TASK TO COMPLETE → Once the pictures are set aside, copy the data below exactly as it stands.

PROVIDED MATERIAL →
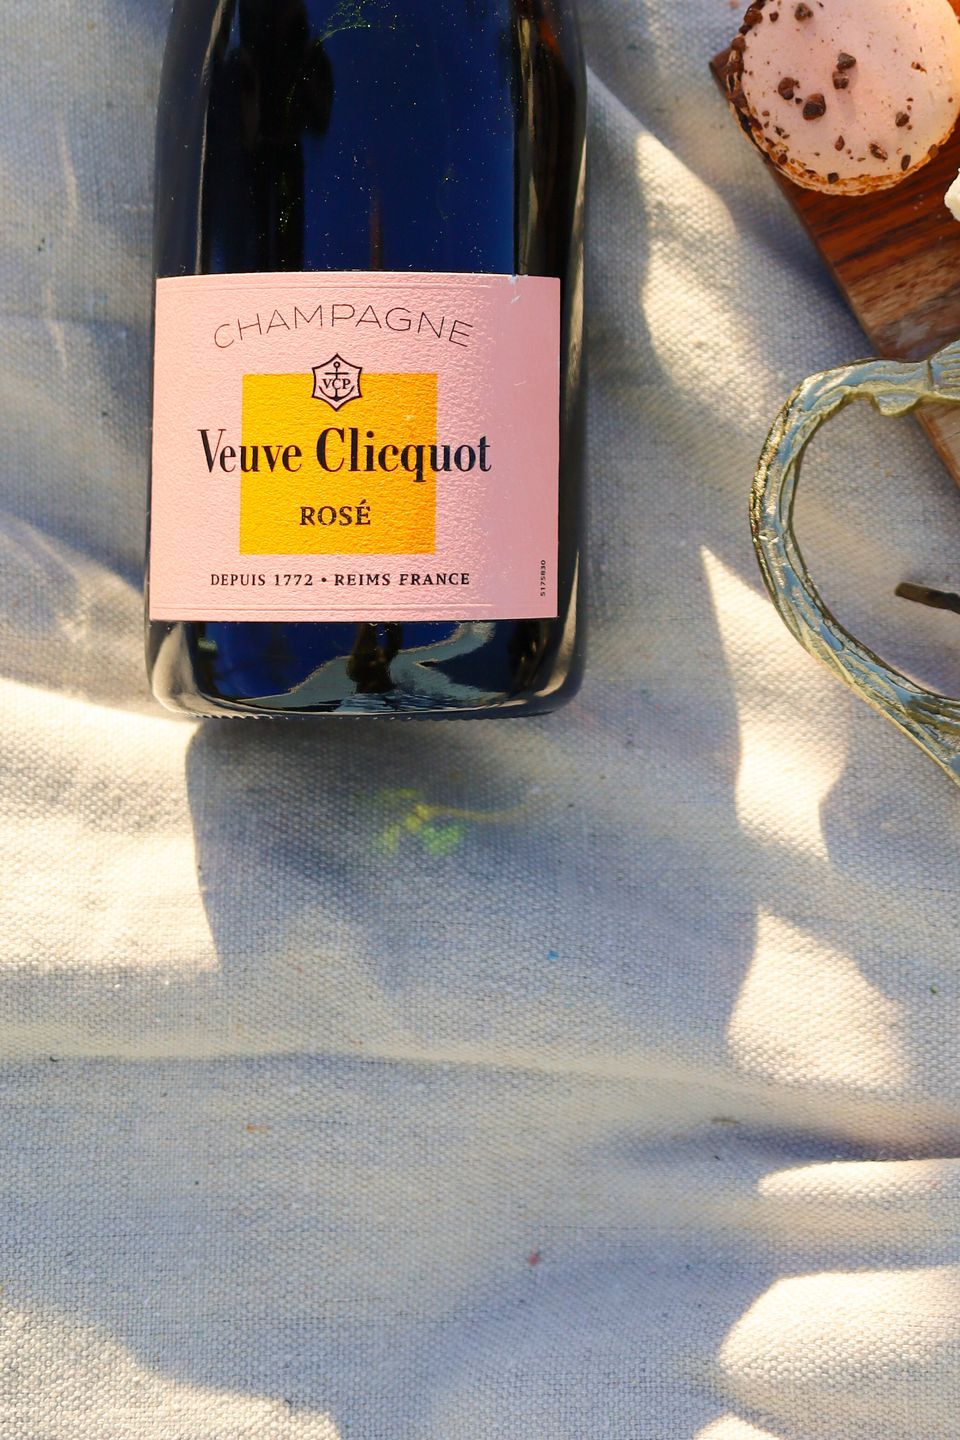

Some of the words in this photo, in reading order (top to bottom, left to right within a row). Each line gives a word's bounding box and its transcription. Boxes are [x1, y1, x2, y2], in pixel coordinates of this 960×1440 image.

[213, 303, 474, 349] CHAMPAGNE
[321, 377, 352, 390] VCP
[197, 428, 303, 473] Veuve
[315, 427, 492, 483] Clicquot
[299, 499, 372, 527] ROSÉ
[210, 573, 266, 587] DEPUIS
[273, 573, 314, 587] 1772
[333, 573, 391, 587] REIMS
[398, 572, 471, 587] FRANCE

ANSWER AREA →
Some of the words in this photo, in reading order (top to bottom, left to right within a row). Each line gives a word's bounding box and its transcription. Boxes are [x1, y1, x2, y2], in pixel coordinates of this 960×1440 image.

[213, 303, 474, 349] CHAMPAGNE
[321, 377, 352, 390] VCP
[197, 428, 303, 473] Veuve
[315, 427, 492, 483] Clicquot
[299, 499, 372, 527] ROSÉ
[210, 573, 266, 587] DEPUIS
[273, 573, 314, 587] 1772
[333, 573, 391, 587] REIMS
[398, 572, 471, 587] FRANCE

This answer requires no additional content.